**Task details:**
Copy verbatim the span of lines beginning at the line that contains "this 1920×1277 image." and ending with the final line of the data. Exclude pictures from the copy.

____ Dataset excerpts

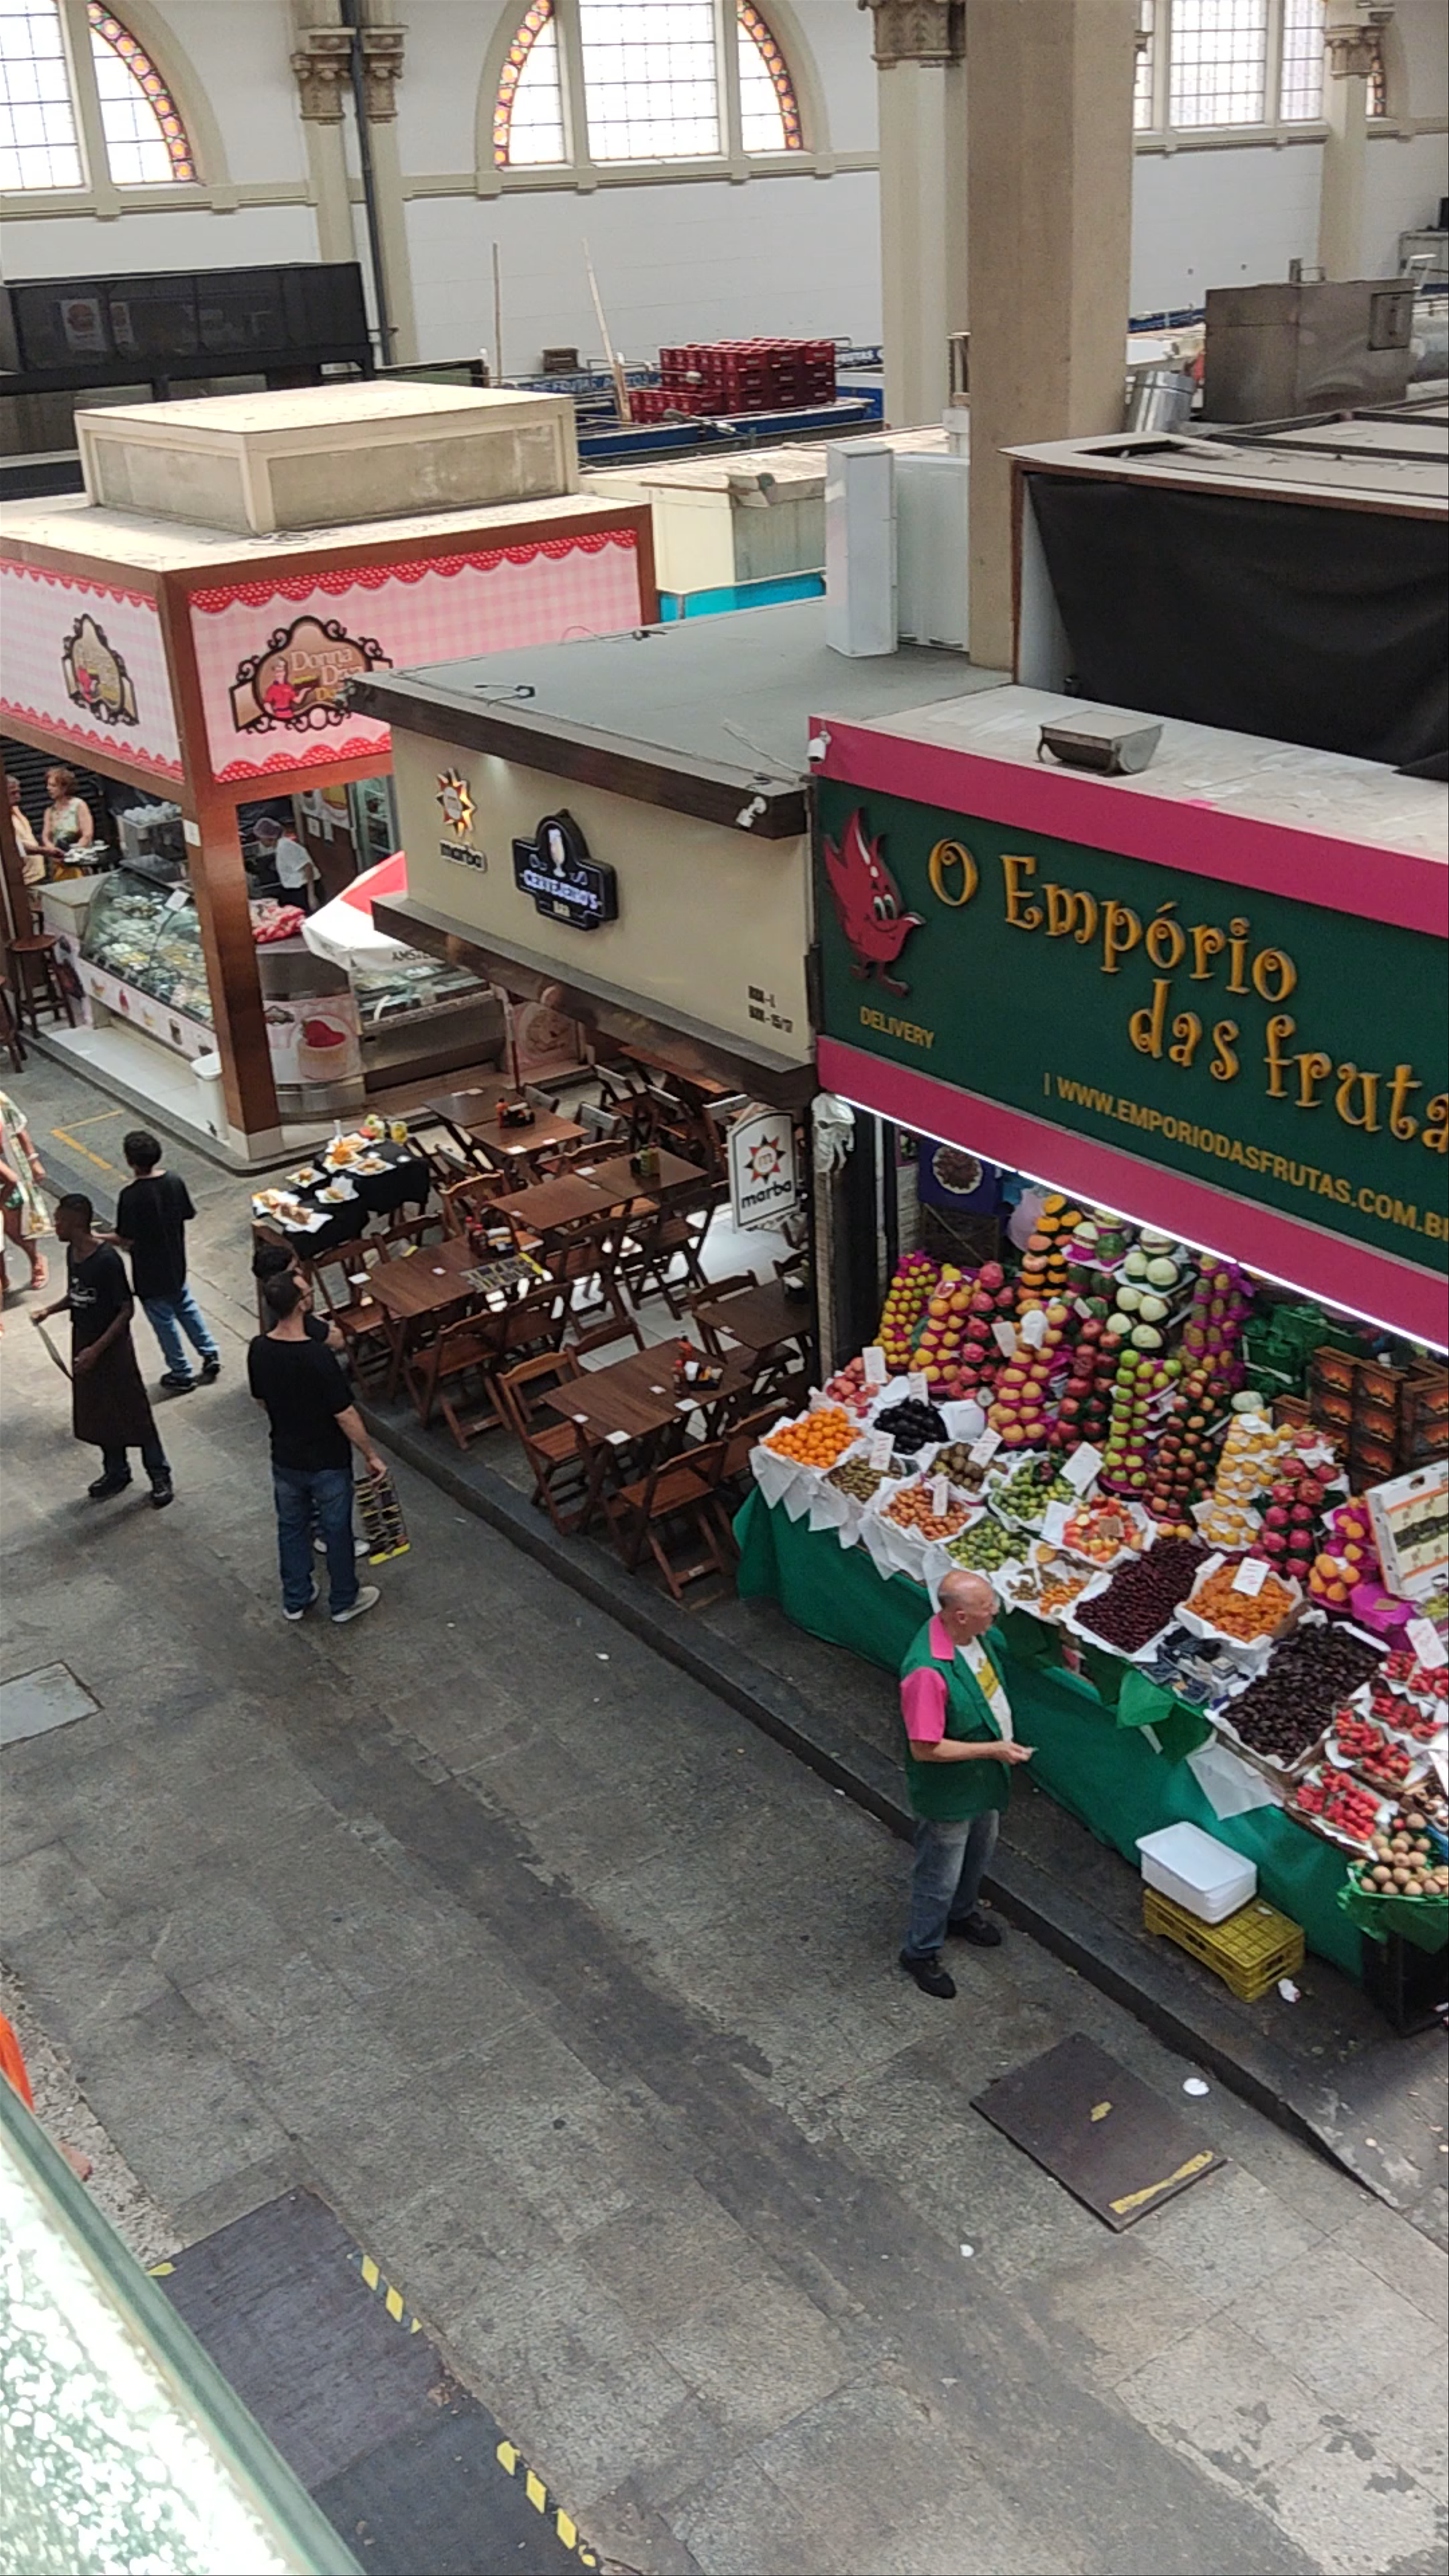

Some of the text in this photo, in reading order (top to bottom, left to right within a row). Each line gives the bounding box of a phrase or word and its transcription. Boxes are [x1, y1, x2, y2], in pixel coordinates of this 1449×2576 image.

[291, 648, 352, 671] Donna
[928, 838, 1297, 1002] O Empório
[860, 1006, 934, 1049] DELIVERY
[1129, 978, 1240, 1081] das
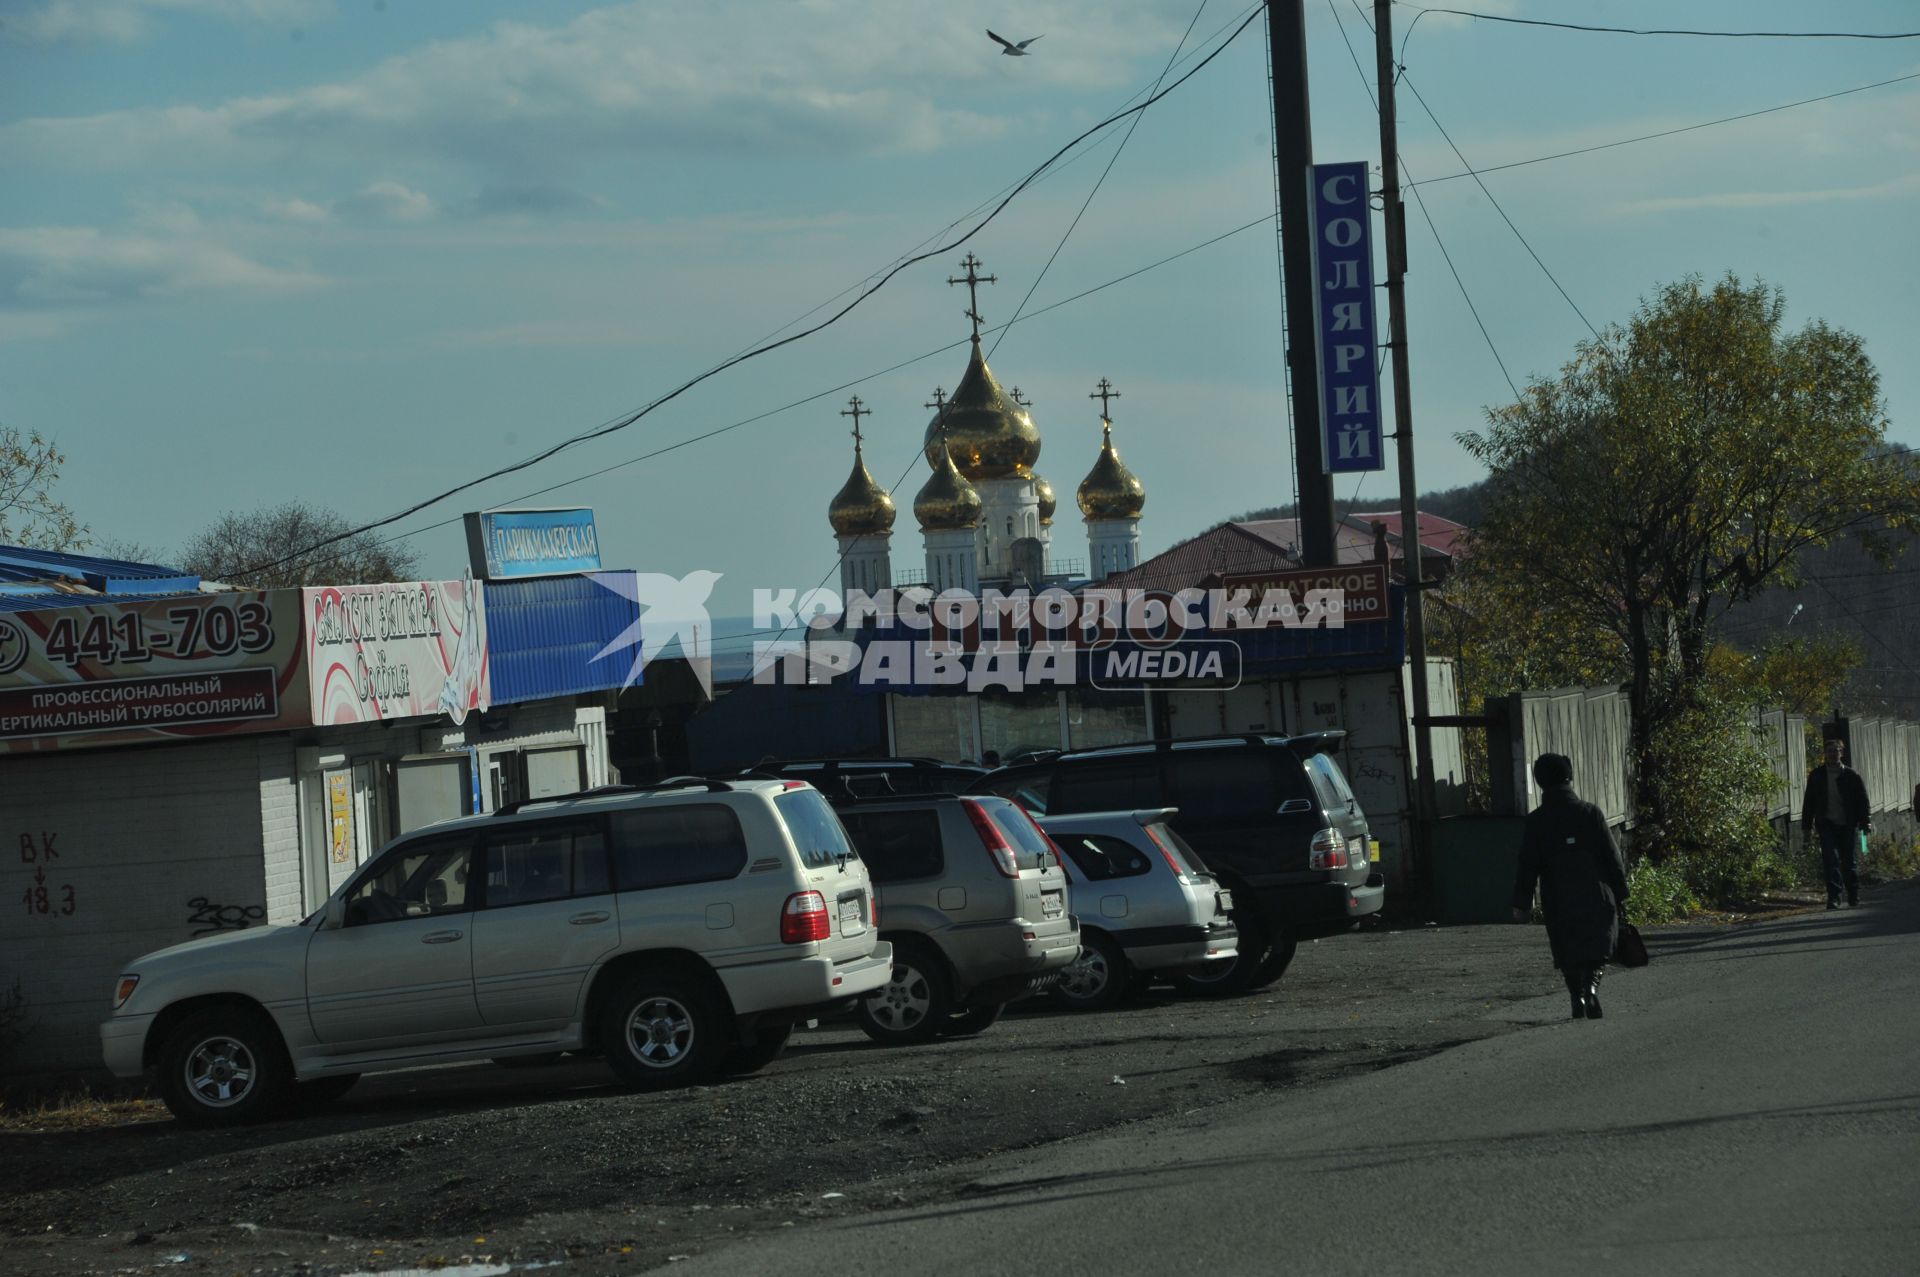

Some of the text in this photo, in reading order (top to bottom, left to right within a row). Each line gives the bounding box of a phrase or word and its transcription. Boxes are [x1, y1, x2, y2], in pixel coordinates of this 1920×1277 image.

[1322, 175, 1372, 461] СОЛЯРИЙ
[496, 524, 598, 562] ПАРИКМАХЕРСКАЯ
[1224, 597, 1379, 621] КРУГЛОСУТОЧНО
[1225, 573, 1377, 600] КАМЧАТСКОЕ
[45, 601, 276, 668] 441-703
[313, 589, 441, 646] САЛОН ЗАГАРА
[925, 589, 1188, 656] ПИВО
[32, 676, 222, 709] ПРОФЕССИОНАЛЬНЫЙ
[355, 649, 411, 713] София
[0, 693, 267, 731] ЕРТИКАЛЬНЫЙ ТУРБОСОЛЯРИЙ
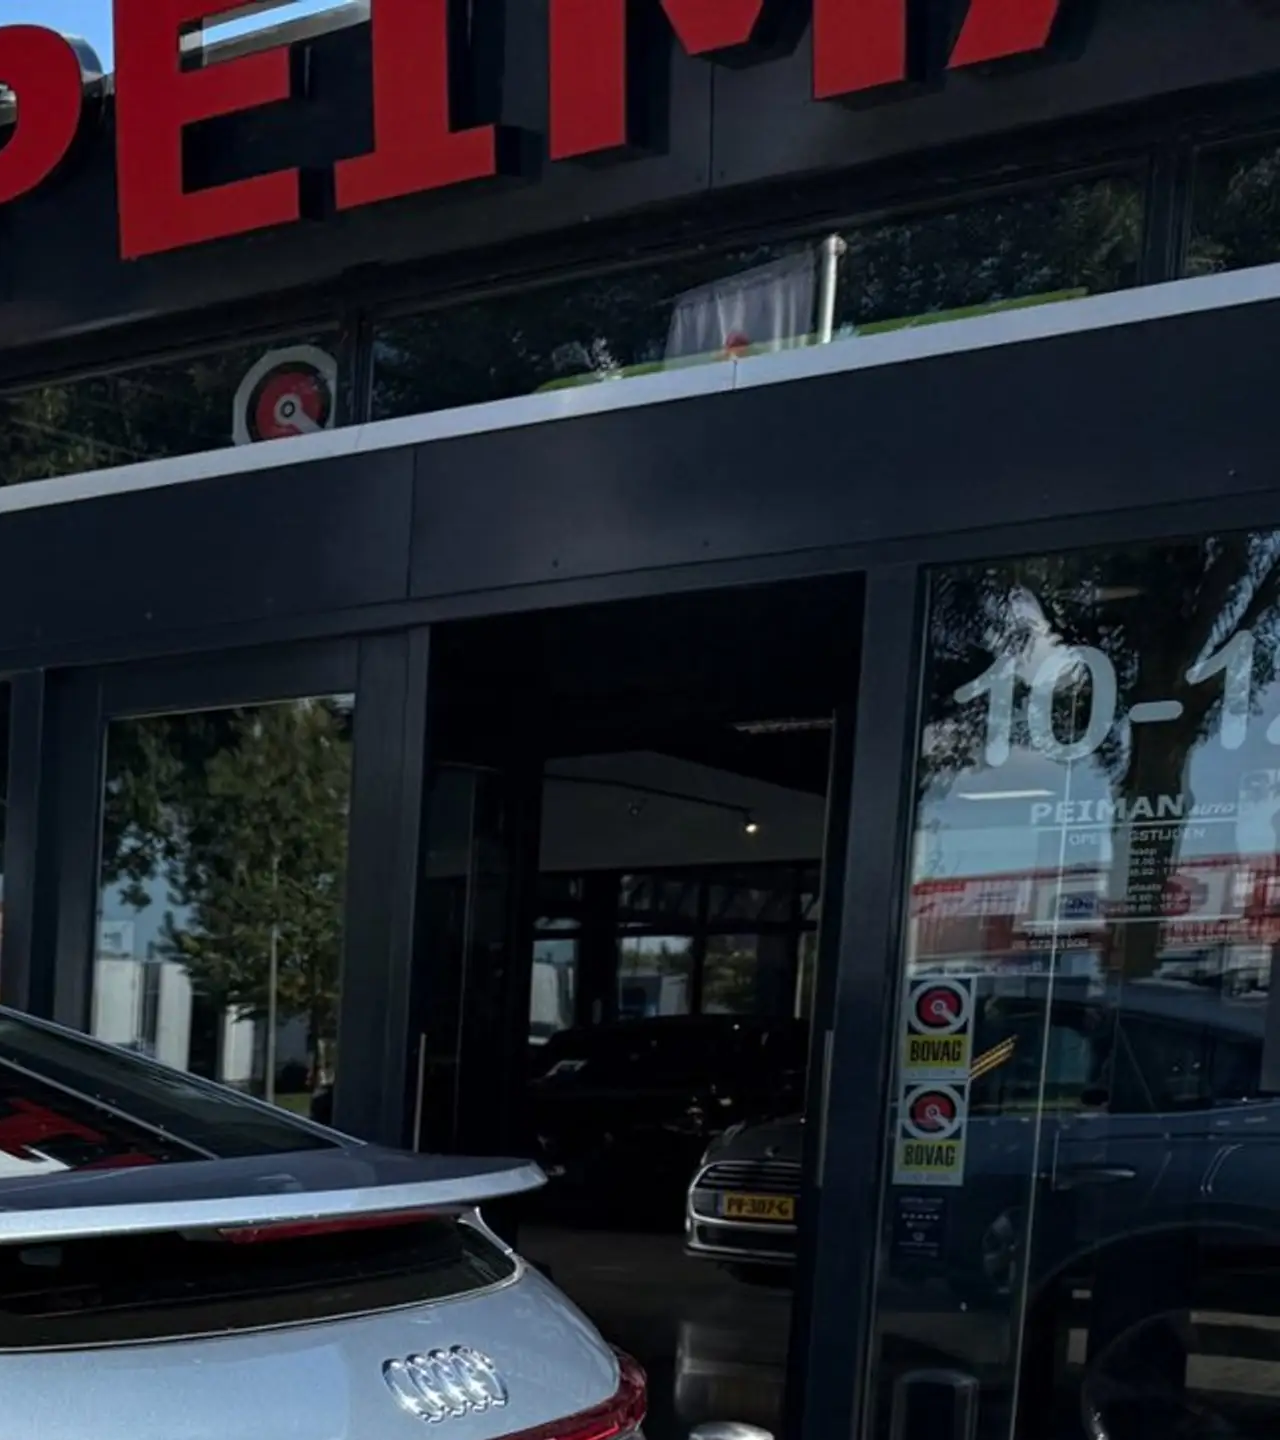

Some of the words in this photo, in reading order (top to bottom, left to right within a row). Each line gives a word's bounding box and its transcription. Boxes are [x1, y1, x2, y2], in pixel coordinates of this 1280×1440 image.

________

**Solution:**
Some of the text in this photo, in reading order (top to bottom, left to right within a row). Each line gives the bounding box of a phrase or word and its transcription. Boxes are [x1, y1, x2, y2], in pixel coordinates of this 1920×1277 image.

[1322, 175, 1372, 461] СОЛЯРИЙ
[496, 524, 598, 562] ПАРИКМАХЕРСКАЯ
[1224, 597, 1379, 621] КРУГЛОСУТОЧНО
[1225, 573, 1377, 600] КАМЧАТСКОЕ
[45, 601, 276, 668] 441-703
[313, 589, 441, 646] САЛОН ЗАГАРА
[925, 589, 1188, 656] ПИВО
[32, 676, 222, 709] ПРОФЕССИОНАЛЬНЫЙ
[355, 649, 411, 713] София
[0, 693, 267, 731] ЕРТИКАЛЬНЫЙ ТУРБОСОЛЯРИЙ

Some of the words in this photo, in reading order (top to bottom, left to right within a row). Each line gives a word's bounding box and its transcription. Boxes are [x1, y1, x2, y2], in pixel coordinates of this 1280×1440 image.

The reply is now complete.